Summer brings outdoor activity opportunities. Pickleball courts light up. Golf courses fill with early morning rounds. Hiking trails beckon. But summer is also when we see the highest volume of pickleball and golf-related injuries — injuries that sideline you from other training and activities you love.


Here's what matters: these injuries aren't inevitable. They're predictable, preventable injuries that follow clear patterns. Understanding why summer brings injury spikes and what prevention actually looks like keeps you training all season without interruption.
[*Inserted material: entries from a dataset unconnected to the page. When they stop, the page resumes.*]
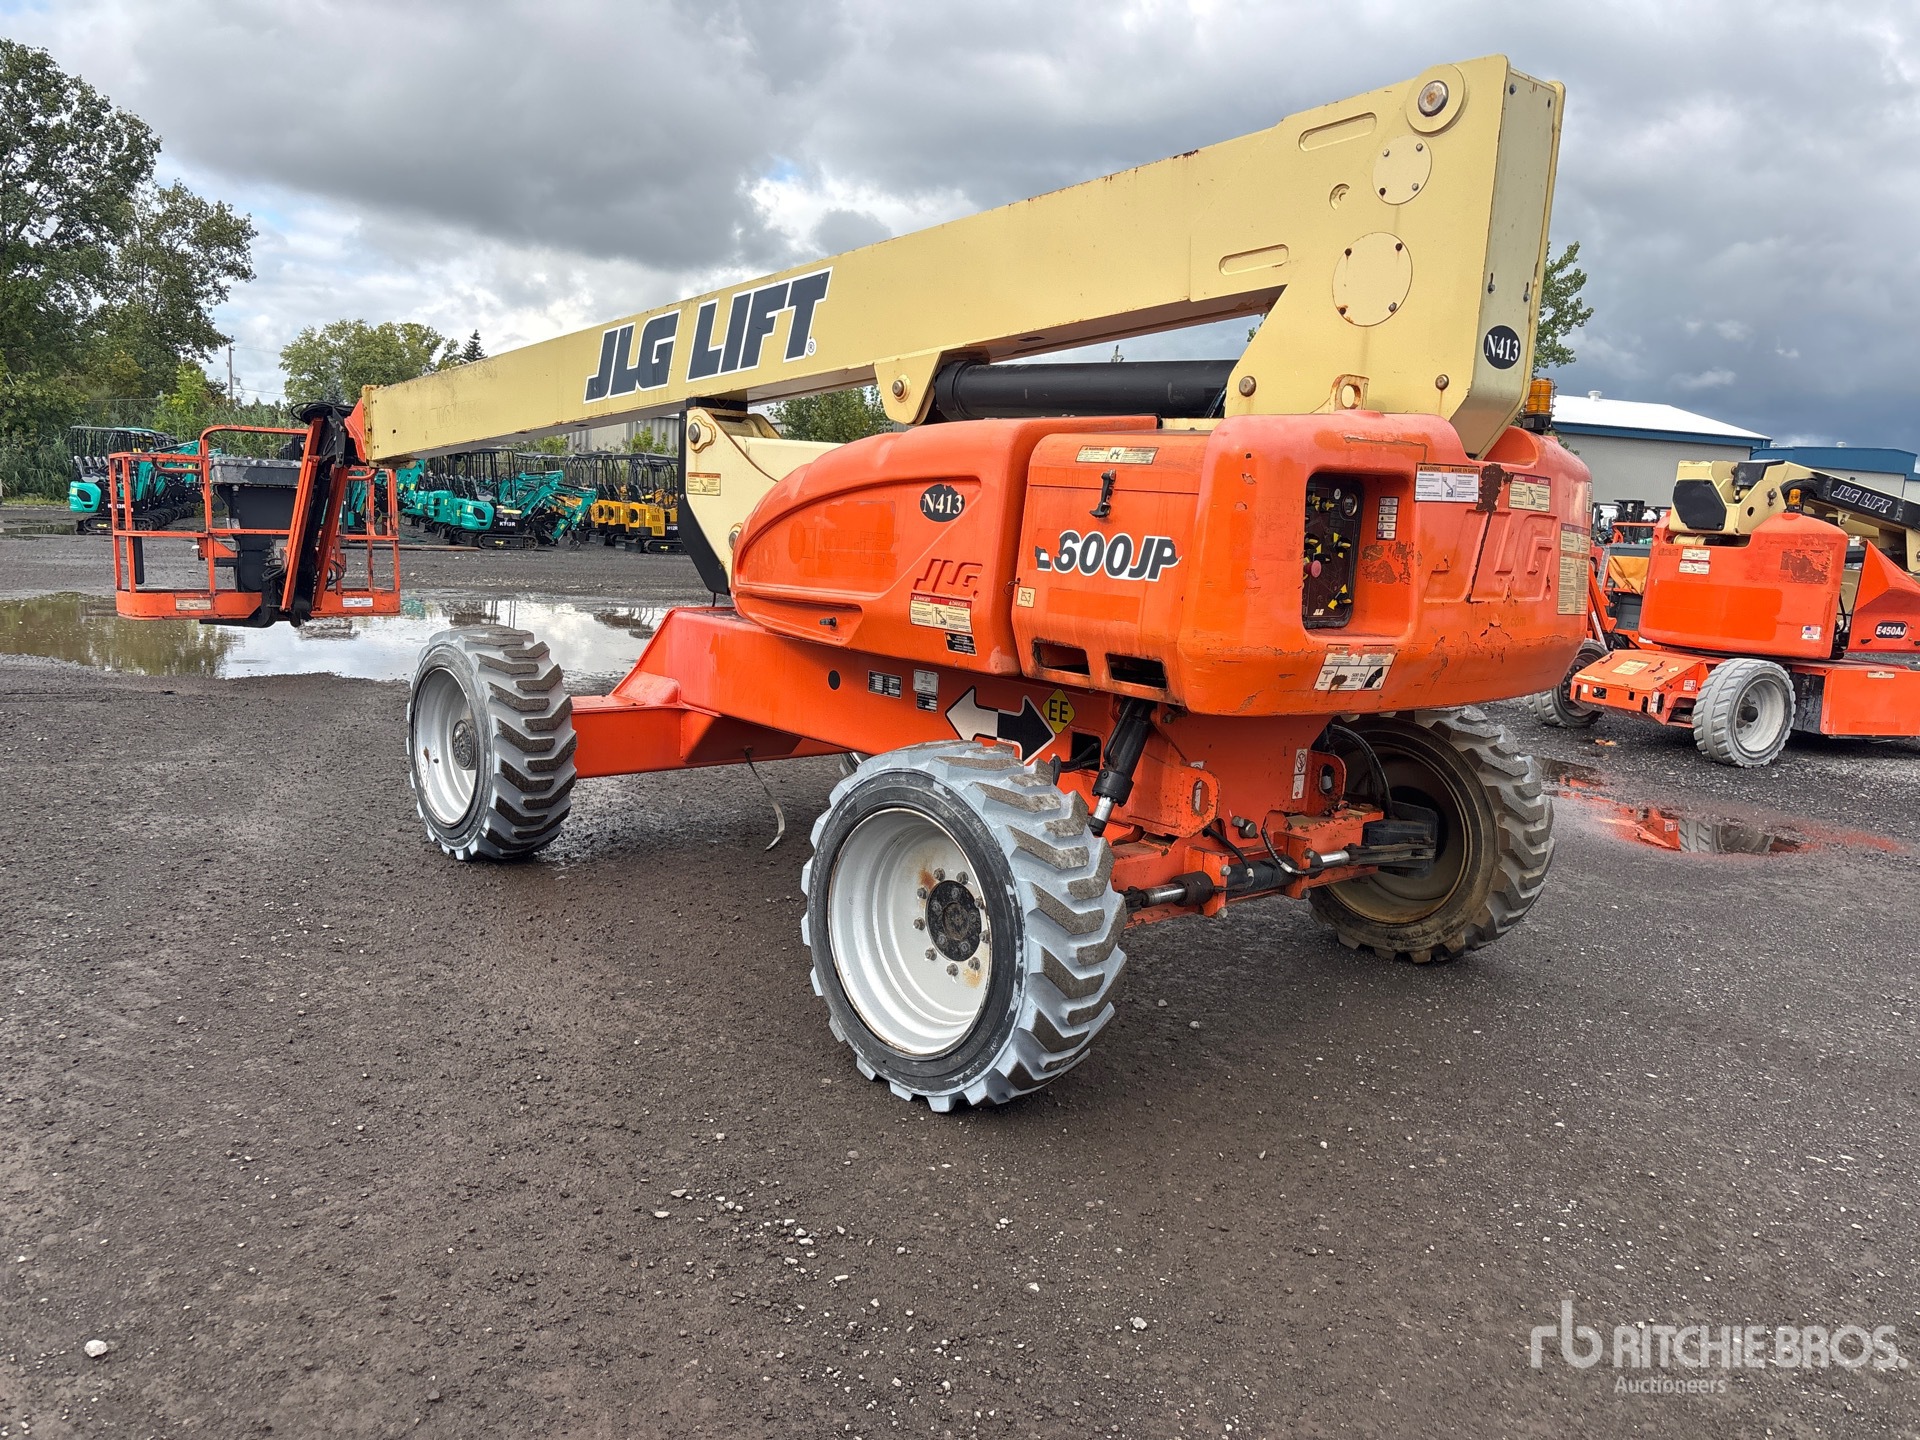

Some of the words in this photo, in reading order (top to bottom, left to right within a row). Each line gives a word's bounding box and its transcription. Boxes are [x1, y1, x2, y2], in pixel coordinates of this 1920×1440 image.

[584, 308, 682, 405] JLG
[686, 266, 833, 383] LIFT
[1485, 334, 1520, 362] N413
[922, 493, 963, 515] N413
[1831, 484, 1862, 504] JLG
[1858, 492, 1893, 514] LIFT
[1876, 625, 1907, 636] E450AJ
[1048, 698, 1069, 724] EE
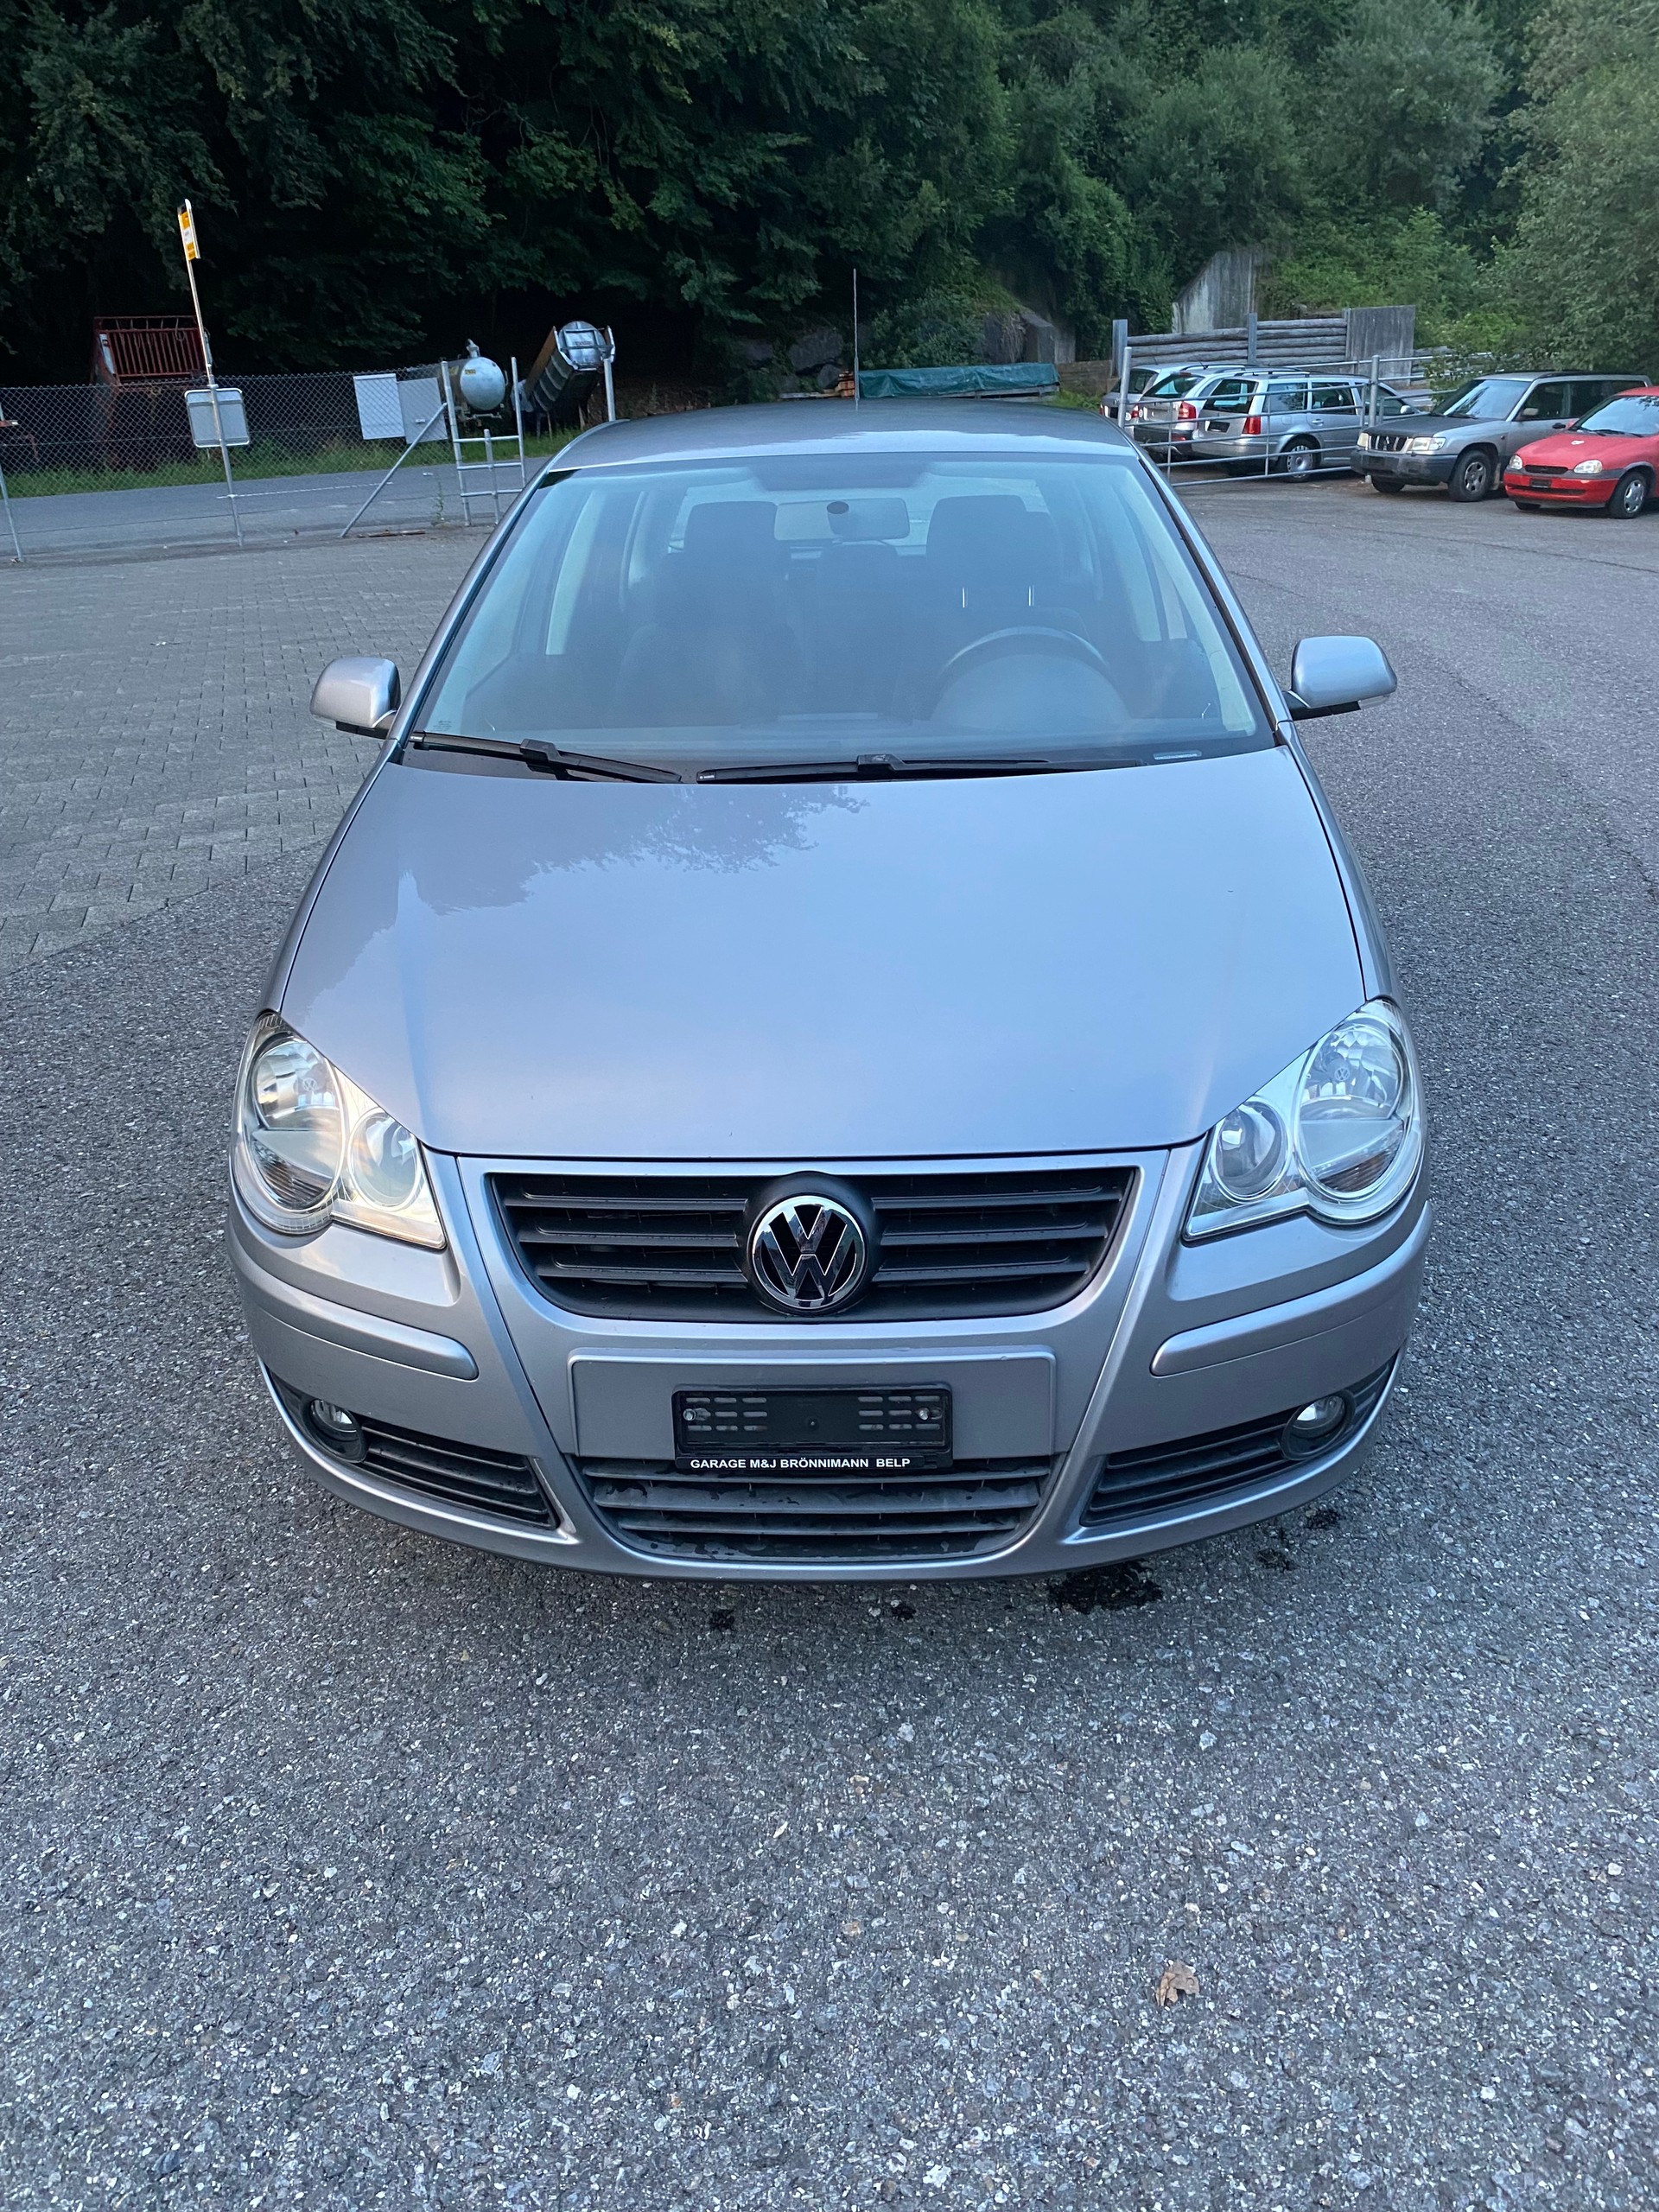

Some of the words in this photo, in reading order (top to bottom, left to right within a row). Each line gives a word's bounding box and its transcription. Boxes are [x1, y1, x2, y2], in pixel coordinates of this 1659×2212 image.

[754, 1197, 863, 1307] VW
[690, 1459, 747, 1469] GARAGE
[749, 1459, 777, 1468] M&J
[779, 1457, 869, 1468] BRÖNNIMANN
[875, 1458, 911, 1467] BELP
At Nashville Physical Therapy & Performance, we work with dozens of summer athletes each year — pickleball enthusiasts, golfers, runners training alongside these activities.


We see exactly what prevents injuries and what leads to them. Most summer injury patterns are completely avoidable with the right assessment and prevention strategy.

The athletes who stay healthy all summer aren't the lucky ones. They're the ones who understand injury risk and address it before it becomes a problem.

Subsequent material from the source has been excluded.